Based on the above, the present invention provides an air conditioner control method based on a neural network, so as to solve the disadvantages and limitations in the prior art.

Disclosure of Invention

The invention aims to provide an air conditioner control method based on a neural network, which enables an air conditioner system to have higher cooling capacity or heating capacity and less energy consumption under the condition of ensuring that the same control target is finally achieved.

In order to achieve the aim, the invention provides an air conditioner control method based on a neural network, which combines the neural network control method with the traditional control method, automatically detects the observed quantity of an air conditioning system, and applies the generated control quantity to the air conditioning system for automatic control, so that the refrigerating capacity, the heating capacity or the energy consumption of the air conditioning system are always kept at expected values; wherein, the traditional control method comprises the following steps: a fuzzy control method or a PID control method.

The method for keeping the refrigerating capacity, the heating capacity or the energy consumption of the air conditioning system at a desired value all the time specifically comprises the following steps: when the absolute value of the difference between the refrigerating capacity or the heating capacity of the air conditioning system and the refrigerating capacity or the heating capacity obtained by the traditional control method is smaller than a certain threshold value, the energy consumption of the air conditioning system is kept to be not higher than that of the traditional control method; and when the absolute value of the difference between the energy consumption of the air conditioning system and the energy consumption required by the traditional control method is smaller than a certain threshold, keeping the refrigerating capacity or the heating capacity of the air conditioning system not lower than that of the traditional control method.

In a preferred embodiment of the present invention, the neural network-based air conditioner control method includes the following steps:

SA1, adopting traditional control method, fuzzy control method or PID control method, to automatically detect the observed quantity of air-conditioning system, and outputting corresponding state quantity;

SA2, controlling and regulating the state quantity by adopting a neural network control method, and outputting a corresponding control quantity;

SA3, and automatically controlling the control amount by applying the control amount to the air conditioning system.

The state quantity comprises at least one or any combination of the following variables: the control amount generated by the conventional control method; estimating the required refrigerating capacity or other parameters corresponding to the required refrigerating capacity based on the observed quantity; estimating other parameters based on the observed quantity; measuring the observed quantity; the amount of control fed back.

The state quantity comprises a current state quantity and/or a historical state quantity.

In a preferred embodiment of the present invention, the neural network-based air conditioner control method includes the following steps:

SB1, adopting a neural network control method to control and regulate the observed quantity and/or the feedback control quantity of the air conditioning system, and outputting a new observed quantity;

SB2, adopting traditional control method, namely fuzzy control method or PID control method, to automatically detect the new observed quantity and output corresponding control quantity;

SB3, the control amount is applied to the air conditioning system to automatically control the air conditioning system.

In a preferred embodiment of the present invention, the neural network-based air conditioner control method includes the following steps:

SC1, fitting the traditional control method, namely fuzzy control method or PID control method, into the neural network control method with the same or similar refrigerating and/or heating capability and energy consumption;

SC2, adopting the neural network control method fitting the traditional control method, automatically detecting and controlling and adjusting the observed quantity and/or feedback control quantity of the air-conditioning system, and outputting the corresponding control quantity;

and SC3, applying the control quantity to the air conditioning system to automatically control.
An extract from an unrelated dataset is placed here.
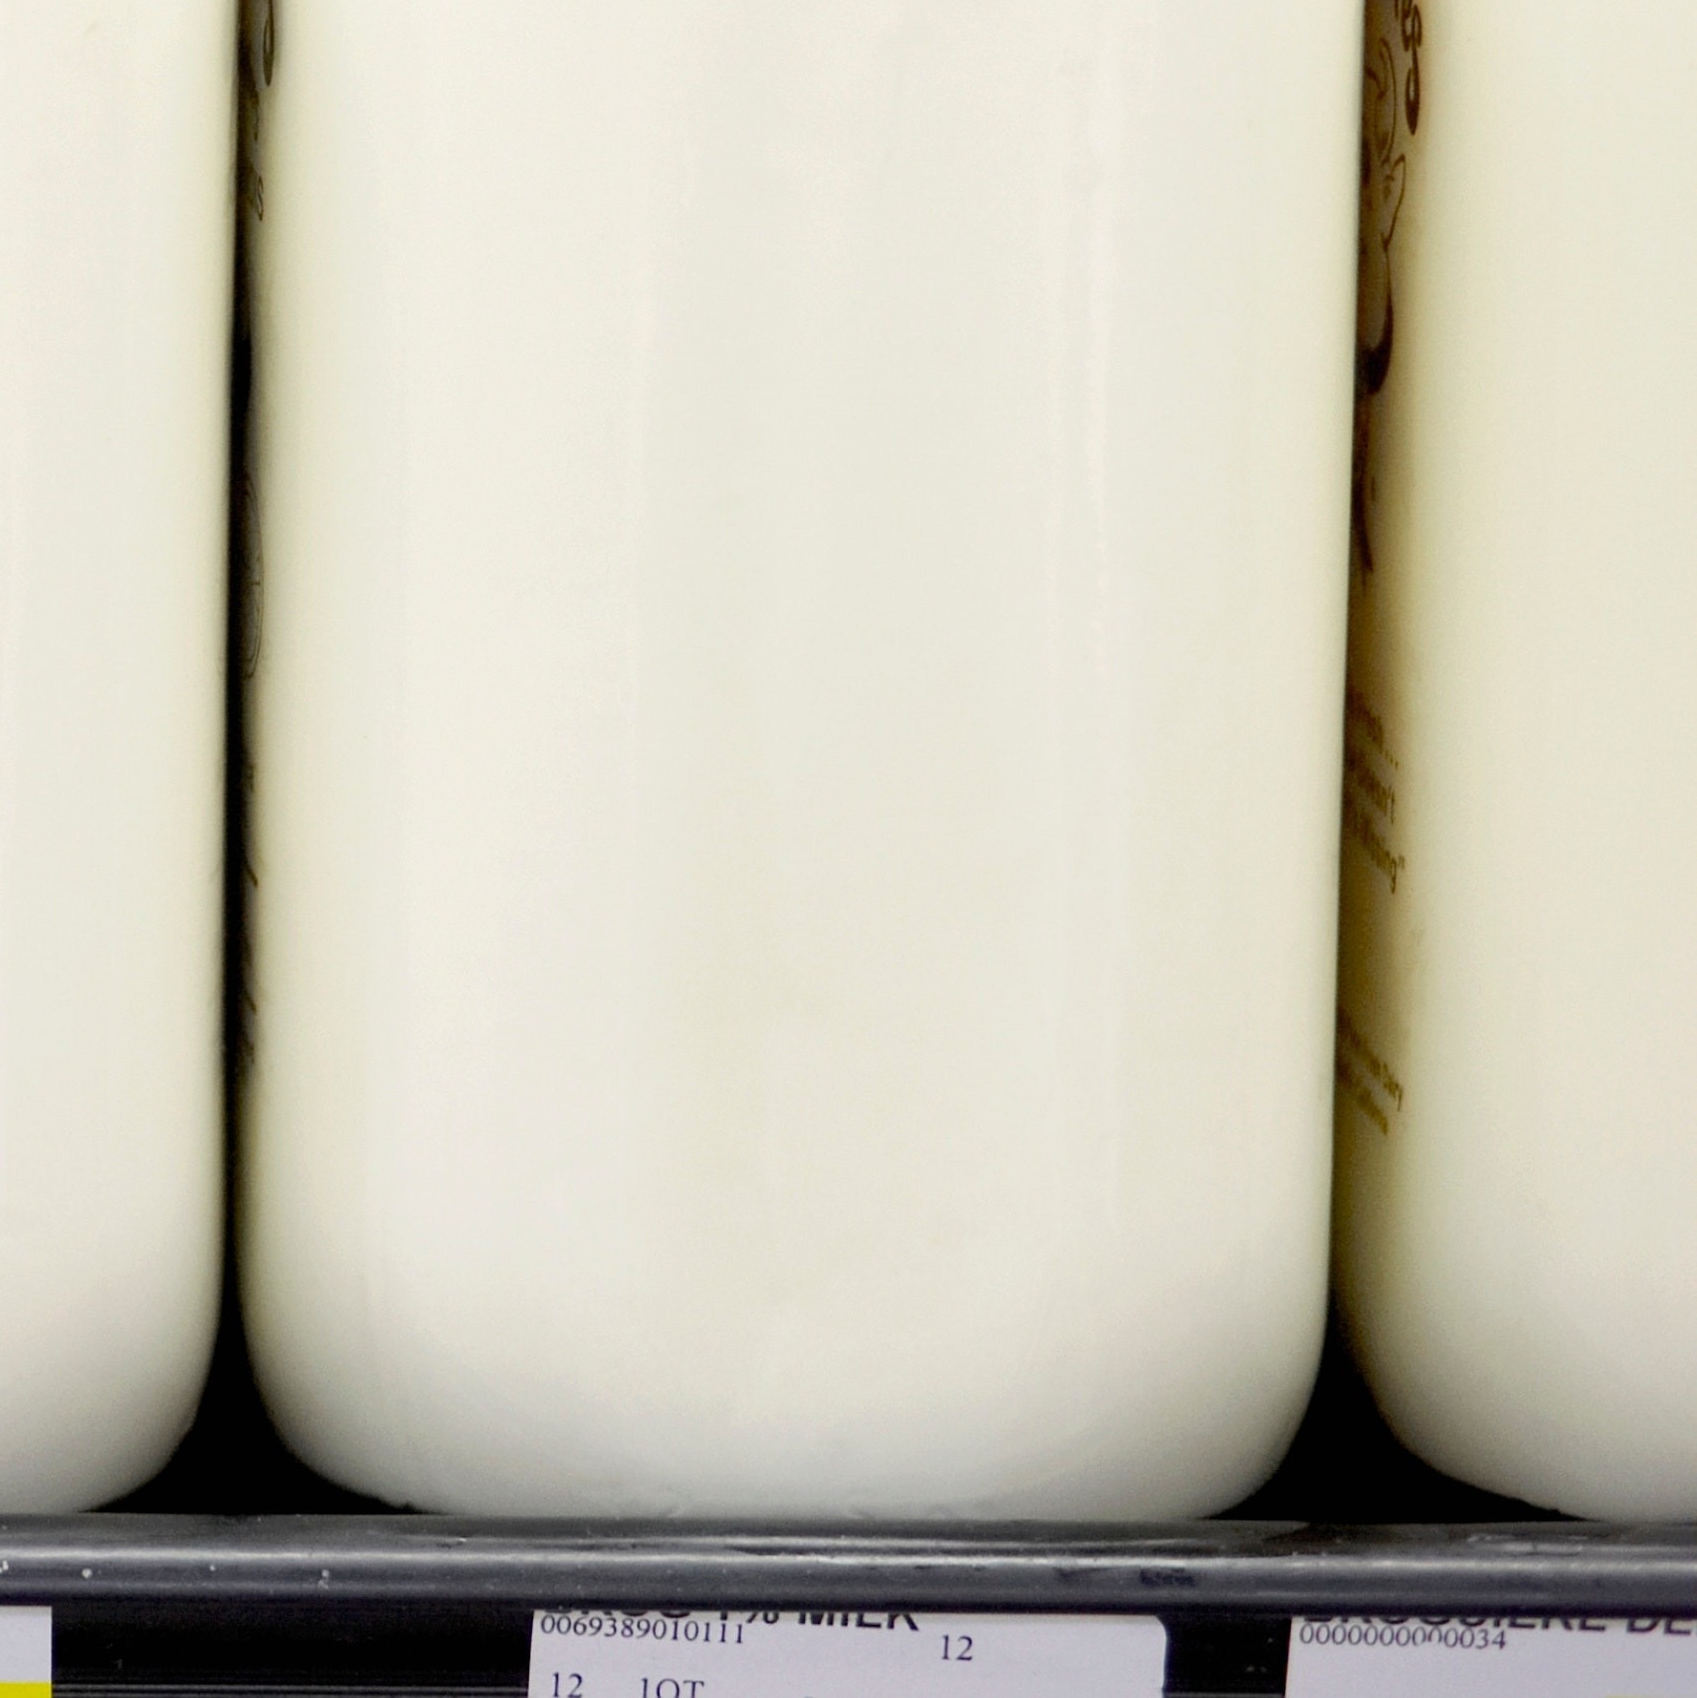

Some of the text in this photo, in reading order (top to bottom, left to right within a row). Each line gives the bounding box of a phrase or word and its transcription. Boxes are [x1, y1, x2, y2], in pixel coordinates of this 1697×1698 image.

The refrigerant with similar refrigerating and/or heating capacity and energy consumption specifically refers to: when the absolute value of the difference between the refrigerating capacity or the heating capacity of the air conditioning system obtained by adopting the neural network control method fitted by the traditional control method and the refrigerating capacity or the heating capacity obtained by adopting the traditional control method is smaller than a certain threshold value, the energy consumption of the air conditioning system is kept to be not higher than that of the traditional control method; and when the absolute value of the difference between the energy consumption of the air conditioning system obtained by adopting the neural network control method fitted by the traditional control method and the energy consumption required by the traditional control method is smaller than a certain threshold value, keeping the refrigerating capacity or the heating capacity of the air conditioning system not lower than that of the traditional control method.

Wherein the control amount may be further subjected to differential control.

Wherein, the control quantity comprises at least one or any combination of the following variables: compressor frequency, indoor unit fan speed, outdoor unit fan speed, expansion valve opening.

In a preferred embodiment of the present invention, the neural network adopts a cascade structure, and is formed by cascading at least one basic network and at least one control quantity generation network; the basic network carries out feature extraction on the input state quantity, the observed quantity and the feedback control quantity of the air conditioning system to obtain the intermediate quantity of the neural network, and the control quantity of the air conditioning system is output through the network generated by the control quantity.

In a preferred embodiment of the present invention, the neural network adopts a hybrid structure and is formed by cascading a state classification network and a plurality of control quantity generation networks; the state classification network classifies the input state quantity, observation quantity and feedback control quantity of the air conditioning system; and each control quantity generation network correspondingly outputs the control quantity of the air conditioning system according to the classification result of each type.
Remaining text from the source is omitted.